##### PROVIDED RECORDS

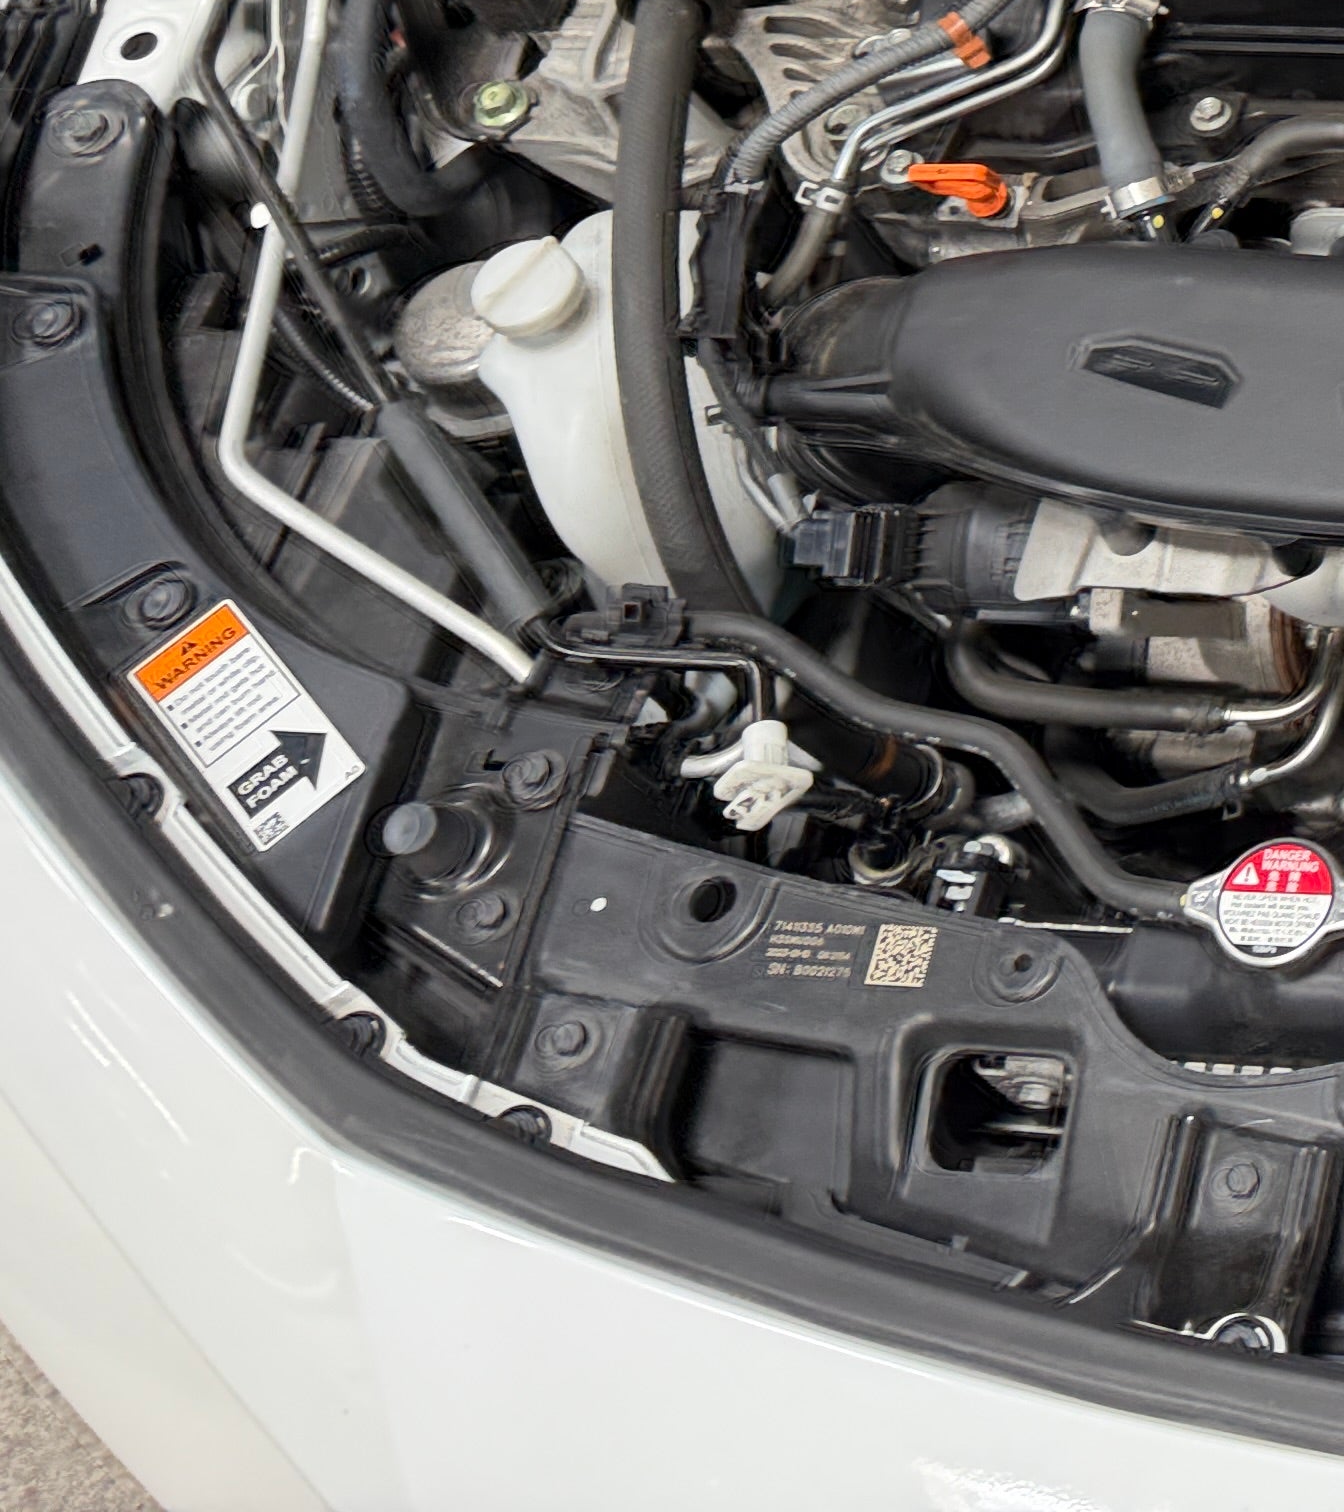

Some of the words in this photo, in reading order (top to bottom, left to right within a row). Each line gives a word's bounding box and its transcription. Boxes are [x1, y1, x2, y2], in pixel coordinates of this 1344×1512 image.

[153, 627, 237, 690] WARNING
[238, 755, 288, 795] GRAB
[246, 766, 298, 808] FOAM
[1263, 849, 1312, 861] DANGER
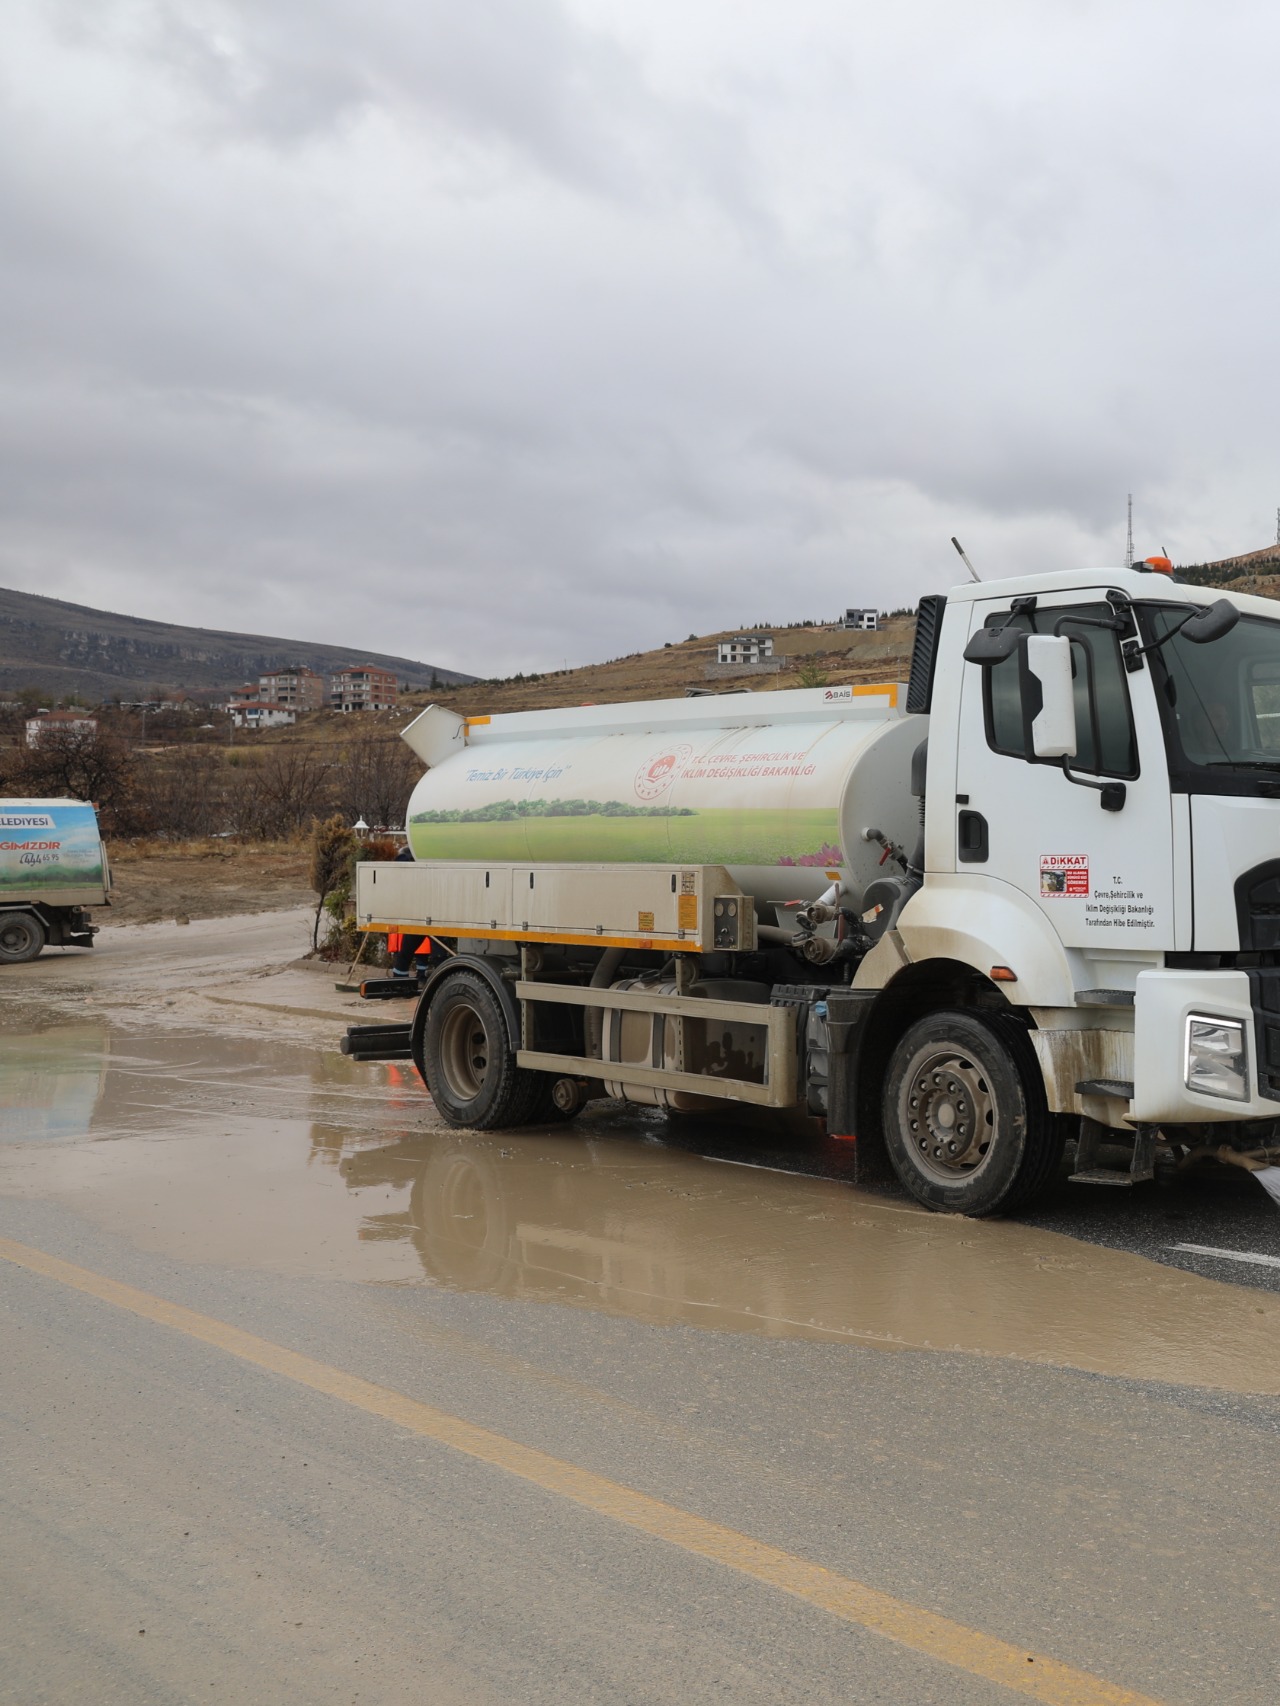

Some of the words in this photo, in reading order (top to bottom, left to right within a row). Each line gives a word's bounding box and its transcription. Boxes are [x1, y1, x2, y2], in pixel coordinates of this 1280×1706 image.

[739, 752, 792, 765] ŞEHİRCİLİK
[792, 752, 806, 761] VE
[492, 767, 508, 781] Bir
[508, 766, 543, 783] Türkiye
[681, 766, 706, 779] İKLİM
[706, 765, 763, 780] DEĞİŞİKLİĞİ
[762, 763, 816, 777] BAKANLIĞI
[42, 853, 50, 861] 65
[1050, 856, 1086, 865] DİKKAT
[1113, 876, 1123, 885] T.C.
[1099, 905, 1126, 915] Değişikliği
[1127, 905, 1154, 915] Bakanlığı
[1085, 918, 1112, 926] Tarafından
[1113, 918, 1126, 926] Hibe
[1127, 919, 1155, 929] Edilmiştir.

##########

■ ABOUT THIS TASK
Go through the entries above and output them exactly, without pictures.

■ RESPONSE AREA
Some of the words in this photo, in reading order (top to bottom, left to right within a row). Each line gives a word's bounding box and its transcription. Boxes are [x1, y1, x2, y2], in pixel coordinates of this 1344×1512 image.

[153, 627, 237, 690] WARNING
[238, 755, 288, 795] GRAB
[246, 766, 298, 808] FOAM
[1263, 849, 1312, 861] DANGER

Some of the words in this photo, in reading order (top to bottom, left to right within a row). Each line gives a word's bounding box and its transcription. Boxes are [x1, y1, x2, y2], in pixel coordinates of this 1280×1706 image.

[739, 752, 792, 765] ŞEHİRCİLİK
[792, 752, 806, 761] VE
[492, 767, 508, 781] Bir
[508, 766, 543, 783] Türkiye
[681, 766, 706, 779] İKLİM
[706, 765, 763, 780] DEĞİŞİKLİĞİ
[762, 763, 816, 777] BAKANLIĞI
[42, 853, 50, 861] 65
[1050, 856, 1086, 865] DİKKAT
[1113, 876, 1123, 885] T.C.
[1099, 905, 1126, 915] Değişikliği
[1127, 905, 1154, 915] Bakanlığı
[1085, 918, 1112, 926] Tarafından
[1113, 918, 1126, 926] Hibe
[1127, 919, 1155, 929] Edilmiştir.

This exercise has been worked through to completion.